En un enfoque complementario centrado en el análisis termodinámico, un equipo de investigación dirigido por un profesor del Department of Life System Engineering de Tokyo University of Science investigó de manera sistemática la termodinámica de unión del receptor de histamina H1. El receptor de histamina H1 es un subtipo de GPCR que desempeña un papel clave en la mediación de reacciones alérgicas, inflamación, permeabilidad vascular, constricción de las vías respiratorias, vigilia y funciones cognitivas en el cuerpo humano. Los receptores acoplados a proteína G (G-protein-coupled receptors) son una de las mayores familias de proteínas de superficie celular del cuerpo humano que reconocen hormonas, neurotransmisores y fármacos, regulando una amplia gama de procesos fisiológicos y sirviendo como dianas de más del 30% de los fármacos actualmente comercializados.

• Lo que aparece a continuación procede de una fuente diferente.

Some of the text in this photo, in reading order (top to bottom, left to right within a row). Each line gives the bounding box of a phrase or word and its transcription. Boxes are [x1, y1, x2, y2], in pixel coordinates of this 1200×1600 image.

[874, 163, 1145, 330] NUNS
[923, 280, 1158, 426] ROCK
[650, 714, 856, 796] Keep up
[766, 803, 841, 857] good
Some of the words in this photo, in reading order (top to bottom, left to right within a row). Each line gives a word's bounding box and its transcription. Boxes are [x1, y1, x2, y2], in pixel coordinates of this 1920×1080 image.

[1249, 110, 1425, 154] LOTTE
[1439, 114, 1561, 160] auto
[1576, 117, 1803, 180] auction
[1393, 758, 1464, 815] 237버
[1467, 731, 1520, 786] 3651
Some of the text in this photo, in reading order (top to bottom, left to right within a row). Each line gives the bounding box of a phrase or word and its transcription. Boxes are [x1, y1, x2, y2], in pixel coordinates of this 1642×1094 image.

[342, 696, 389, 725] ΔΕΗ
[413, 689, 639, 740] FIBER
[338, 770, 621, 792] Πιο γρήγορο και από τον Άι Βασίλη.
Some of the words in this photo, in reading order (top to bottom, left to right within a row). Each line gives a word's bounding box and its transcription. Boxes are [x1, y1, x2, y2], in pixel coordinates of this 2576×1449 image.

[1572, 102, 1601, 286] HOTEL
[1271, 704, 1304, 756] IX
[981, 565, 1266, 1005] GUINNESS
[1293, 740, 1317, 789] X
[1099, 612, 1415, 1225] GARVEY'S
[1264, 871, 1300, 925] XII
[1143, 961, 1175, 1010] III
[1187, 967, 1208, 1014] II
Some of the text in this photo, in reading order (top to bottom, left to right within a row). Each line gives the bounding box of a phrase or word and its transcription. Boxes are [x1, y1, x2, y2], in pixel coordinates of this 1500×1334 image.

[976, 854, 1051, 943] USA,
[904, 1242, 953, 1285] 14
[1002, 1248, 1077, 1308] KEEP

El equipo logró medir las firmas termodinámicas de los isómeros geométricos de doxepin (isómeros E y Z) frente a H1R, preparado mediante un sistema de expresión en levadura de gemación, utilizando calorimetría de titulación isotérmica y simulaciones de dinámica molecular. Doxepin, un antidepresivo tricíclico, también es un potente antihistamínico dirigido a H1R y existe como una mezcla de isómeros E y Z. El isómero Z exhibe aproximadamente cinco veces mayor afinidad de unión a H1R que el isómero E. Los investigadores identificaron un residuo clave de treonina (Thr1123.37) que contribuyó a esta selectividad dependiente del isómero.

Los investigadores sintetizaron dos variantes de H1R: una variante de tipo salvaje (H1R_WT) y un mutante T1123.37V, en el que el residuo Thr1123.37 se intercambia por un aminoácido diferente. Los resultados no mostraron diferencias en la energía de unión para las interacciones de doxepin entre H1R_WT y el mutante T1123.37V; sin embargo, las contribuciones entálpicas y entrópicas difirieron. La unión a H1R_WT estuvo impulsada predominantemente por la entalpía, mientras que la unión al receptor mutante mostró una contribución entálpica reducida acompañada de una contribución entrópica relativamente mayor.

La unión del isómero Z a H1R_WT se asoció con una mayor ganancia entálpica y una penalización entrópica más marcada en comparación con el isómero E. Estas diferencias estuvieron ausentes en el mutante T1123.37V. La energía de unión del isómero Z fue mayor que la del isómero E para H1R_WT, mientras que, en el caso del receptor mutante, las energías de unión de ambos isómeros fueron comparables. Estas observaciones subrayan el papel de Thr1123.37 en el equilibrio entre las ganancias entálpicas y las pérdidas entrópicas durante la unión del ligando, así como el efecto más pronunciado en la interacción con el isómero Z.

Las simulaciones de dinámica molecular mostraron que la unión de alta afinidad del isómero Z surge de restricciones conformacionales, en concordancia con la alta entalpía observada y la entropía reducida asociadas a la unión. El estudio se publicó en línea en ACS Medicinal Chemistry Letters el 26 de enero de 2026.